### DATA SHOWN
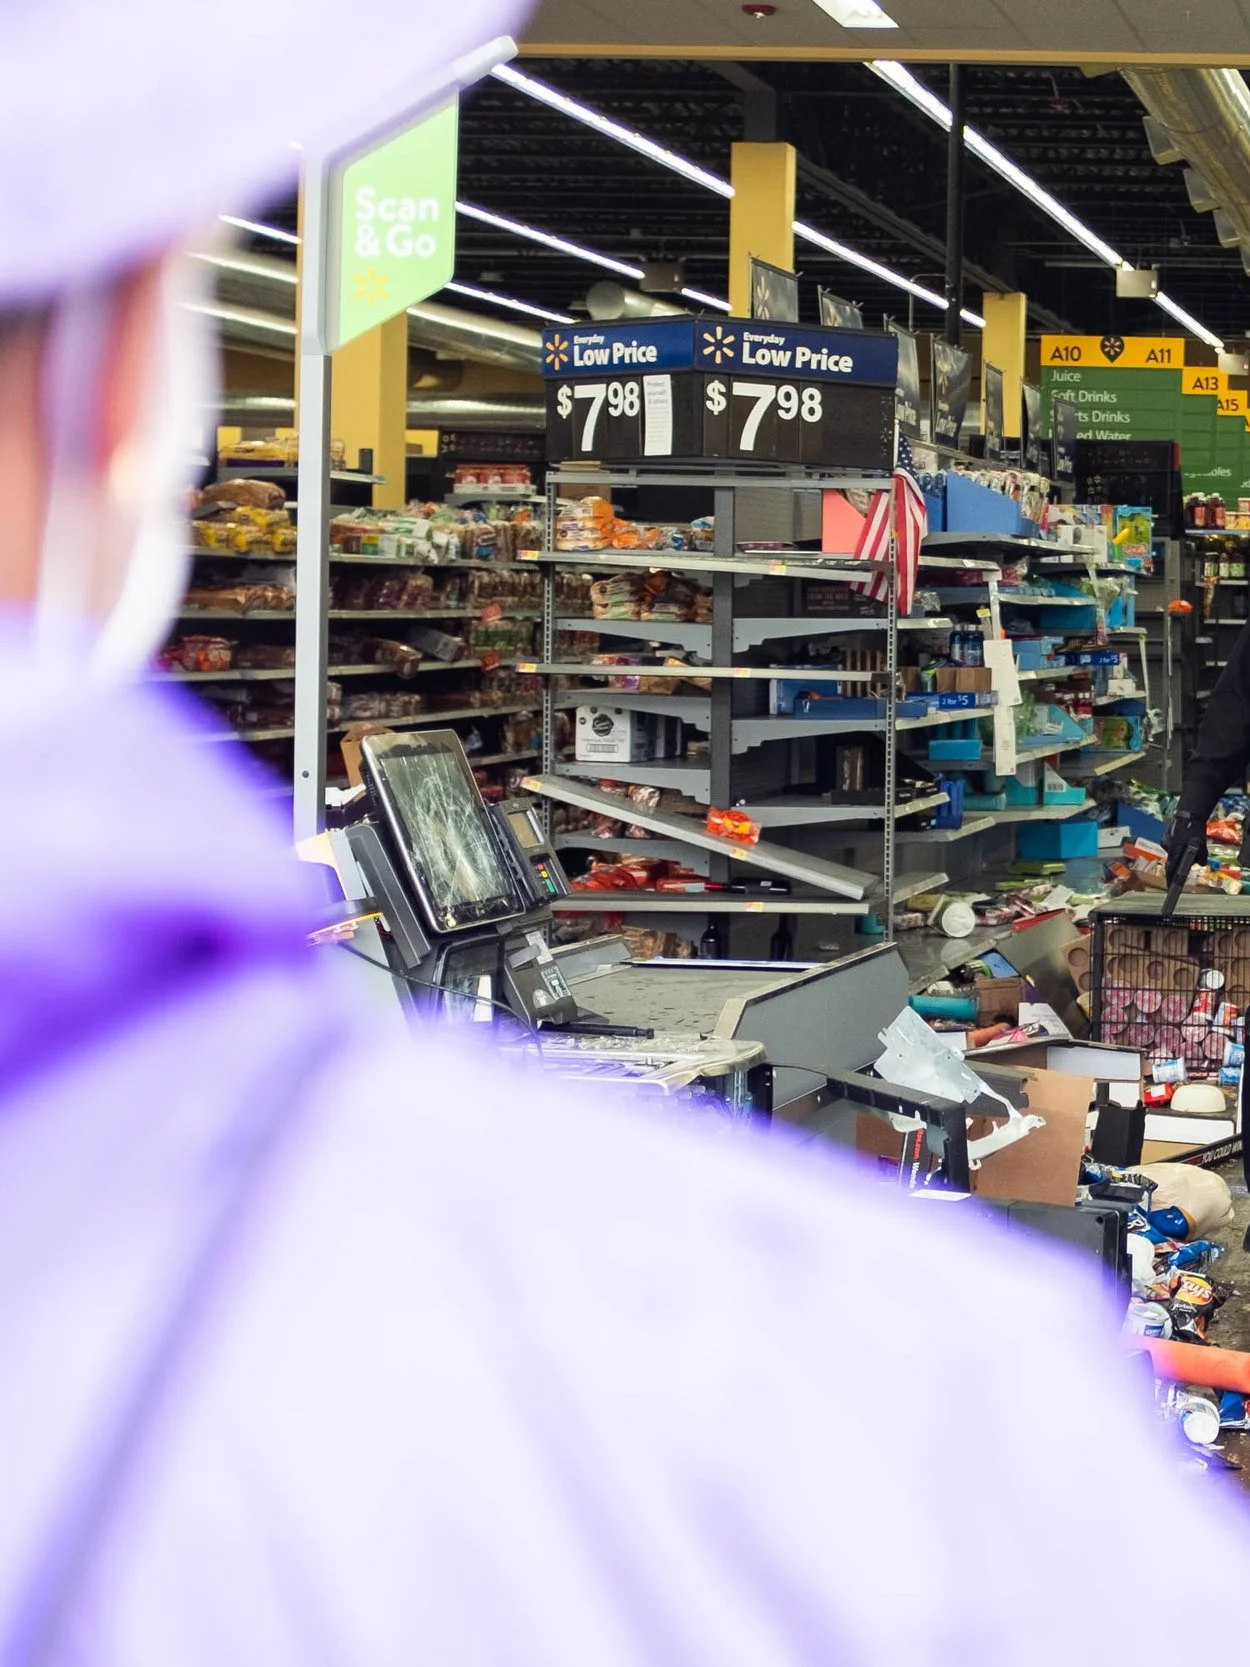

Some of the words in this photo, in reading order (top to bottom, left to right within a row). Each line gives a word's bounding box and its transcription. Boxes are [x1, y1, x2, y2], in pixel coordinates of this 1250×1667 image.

[355, 187, 439, 222] Scan
[355, 224, 381, 257] &
[386, 224, 437, 257] Go
[743, 332, 785, 346] Everyday
[573, 345, 610, 366] Low
[612, 340, 658, 364] Price
[742, 342, 791, 367] Low
[795, 347, 853, 373] Price
[1050, 346, 1082, 361] A10
[1145, 348, 1171, 363] A11
[1050, 370, 1082, 382] Juice
[1192, 376, 1219, 390] A13
[1079, 390, 1117, 403] Drinks
[1217, 399, 1239, 411] A15
[1092, 410, 1130, 423] Drinks
[1095, 430, 1131, 440] Water

### WORK ITEM
Set the records down again exactly, with no pictures.

### WRITTEN REPLY
Some of the words in this photo, in reading order (top to bottom, left to right within a row). Each line gives a word's bounding box and its transcription. Boxes are [x1, y1, x2, y2], in pixel coordinates of this 1250×1667 image.

[355, 187, 439, 222] Scan
[355, 224, 381, 257] &
[386, 224, 437, 257] Go
[743, 332, 785, 346] Everyday
[573, 345, 610, 366] Low
[612, 340, 658, 364] Price
[742, 342, 791, 367] Low
[795, 347, 853, 373] Price
[1050, 346, 1082, 361] A10
[1145, 348, 1171, 363] A11
[1050, 370, 1082, 382] Juice
[1192, 376, 1219, 390] A13
[1079, 390, 1117, 403] Drinks
[1217, 399, 1239, 411] A15
[1092, 410, 1130, 423] Drinks
[1095, 430, 1131, 440] Water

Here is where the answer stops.